I have a 04 spec-v and I was looking for Piaa bulbs (or any quality superwhite bulb) that fits my 9008 (H13) headlights and my H11 fogs. I have yet to find any bulbs superwhite or not that fit. Is this a new type of bulb? Do you know of any place that might sell these bulbs? Please help


----------



## 97sentragxe (Jun 20, 2002)

Try a car customizing shop. They can usually get hard to find stuff.


----------



## Exalta (Jan 21, 2003)

Yes, try Pepboys or Autozone or any other autoperformance shops in your area...You could also try checking PIAA's or Sylvania's or RayBrig's website for available bulb sizes that those brands offer.


----------



## psuLemon (Apr 23, 2003)

i would suggest PIAA highly.. they back up their products and replace them if they blow out.. just call up PIAA themselves and ask if they have those numbers if you dont have a local performance shop.. i dont believe autozone or pepboys carry that stuff


----------



## Spelchy (Jun 24, 1987)

just so long as your new lights aren't 'ricer blue'... damn I kill all those that I come across


----------



## psuLemon (Apr 23, 2003)

spelch, i do agree with you on that in some ways and those blue lights are illegal but you got to remeber that jags, bmw, audi, vw, mercedies and all high class cars use those lights


----------



## Felonious Cat Stalker (May 1, 2002)

Spec'd Out said:


> I have a 04 spec-v and I was looking for Piaa bulbs (or any quality superwhite bulb) that fits my 9008 (H13) headlights and my H11 fogs. I have yet to find any bulbs superwhite or not that fit. Is this a new type of bulb? Do you know of any place that might sell these bulbs? Please help


From the manufacturer sites I checked out, it doesn't appear that PIAA, Hella or Sylvania support these lights in the aftermarket yet. You may have to wait a while before you can change.


----------



## Spec'd Out (Nov 21, 2003)

fcsmotorsports said:


> From the manufacturer sites I checked out, it doesn't appear that PIAA, Hella or Sylvania support these lights in the aftermarket yet. You may have to wait a while before you can change.

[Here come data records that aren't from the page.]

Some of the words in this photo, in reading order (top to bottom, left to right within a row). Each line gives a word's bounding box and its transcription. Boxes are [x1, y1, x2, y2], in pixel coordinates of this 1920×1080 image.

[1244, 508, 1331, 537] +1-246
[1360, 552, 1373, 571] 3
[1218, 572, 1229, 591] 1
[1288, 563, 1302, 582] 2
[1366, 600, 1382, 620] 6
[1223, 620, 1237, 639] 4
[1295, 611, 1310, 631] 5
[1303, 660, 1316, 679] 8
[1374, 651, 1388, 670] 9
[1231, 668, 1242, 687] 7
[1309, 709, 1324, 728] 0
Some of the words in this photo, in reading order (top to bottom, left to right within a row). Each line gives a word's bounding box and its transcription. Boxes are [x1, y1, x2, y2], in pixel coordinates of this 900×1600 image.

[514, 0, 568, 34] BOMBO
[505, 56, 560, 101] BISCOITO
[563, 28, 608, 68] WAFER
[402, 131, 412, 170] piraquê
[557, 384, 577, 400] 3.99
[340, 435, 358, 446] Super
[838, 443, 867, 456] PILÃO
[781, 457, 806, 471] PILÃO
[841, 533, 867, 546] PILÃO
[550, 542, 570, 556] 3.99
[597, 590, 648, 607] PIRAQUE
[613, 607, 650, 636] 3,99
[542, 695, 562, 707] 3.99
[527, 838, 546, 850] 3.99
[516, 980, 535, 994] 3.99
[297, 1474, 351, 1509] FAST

Thats what I was thinking of doing as well. I'll just have to wait. By the way psulemon I will only buy PIAA, I had a set of their platinum superwhites on my 89 Maxima and i loved them . 
:cheers:


----------



## sfhellwig (Feb 4, 2003)

quoted: "spelch, i do agree with you on that in some ways and those blue lights are illegal but you got to remeber that jags, bmw, audi, vw, mercedies and all high class cars use those lights"

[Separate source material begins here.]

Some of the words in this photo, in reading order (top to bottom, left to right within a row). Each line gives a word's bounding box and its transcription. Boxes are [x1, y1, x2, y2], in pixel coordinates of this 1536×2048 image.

No, they use real high output lighting. They may look similar at first but drive head on with an expensive car and it wont hurt your eyes as bad. Ricer bulbs are actually blue which is a very narrow band of light that the eye doesn't like to adjust to very well. Thats why its hard to focus while driving straight at them. High end cars use HID systems or something similar which is a disernable purple tinted light which is actually wide spectrum light, much closer to "white". Yours eyes can adjust to these and are far less annoying at night and especially in the rain. Use a monochromatic light meter (only sees how much light, not what color) and you see that blue bulbs put out much less light than true hyperwhites or even regular bulbs. There is a web site out there whichs documents this experiment. Again, the two types of lights look very similar until you know how to tell the difference. Once you can you can tell if an expensive car is coming at you on the highway. Only time its not is if someone has done an HID conversion (expensive) and this is 90% reliable for me.


----------



## Spelchy (Jun 24, 1987)

psulemon said:


> spelch, i do agree with you on that in some ways and those blue lights are illegal but you got to remeber that jags, bmw, audi, vw, mercedies and all high class cars use those lights


If that were true, it would be illegal to import those cars. It also couldn't be very high class if i can go to any ricer shop and order a set of them for 60 bucks. Real high output lighting is designed to resonate through the bulb so that any oncoming traffic is not distracted - but those blue ones aren't. they're easily identifiable because if you see some lights that you think might be on a 'high class' car coming toward you, you will know that it's just ricer lights as soon as the car hits a bump or dip, because then their headlights will flash blue because of the angle. Apparently you're supposed to flash your bright lights at anyone with ricer headlights as well.


----------



## a_stupid_box (Nov 16, 2003)

Just a general question here, for people who have a problem with blue headlights (I personally don't care either way):

Do you have the same dislike for the superwhite bulbs? I had these in my last car and found that a lot of _idiot_ people instantly labeled me a ricer (though it was the only "mod" I did).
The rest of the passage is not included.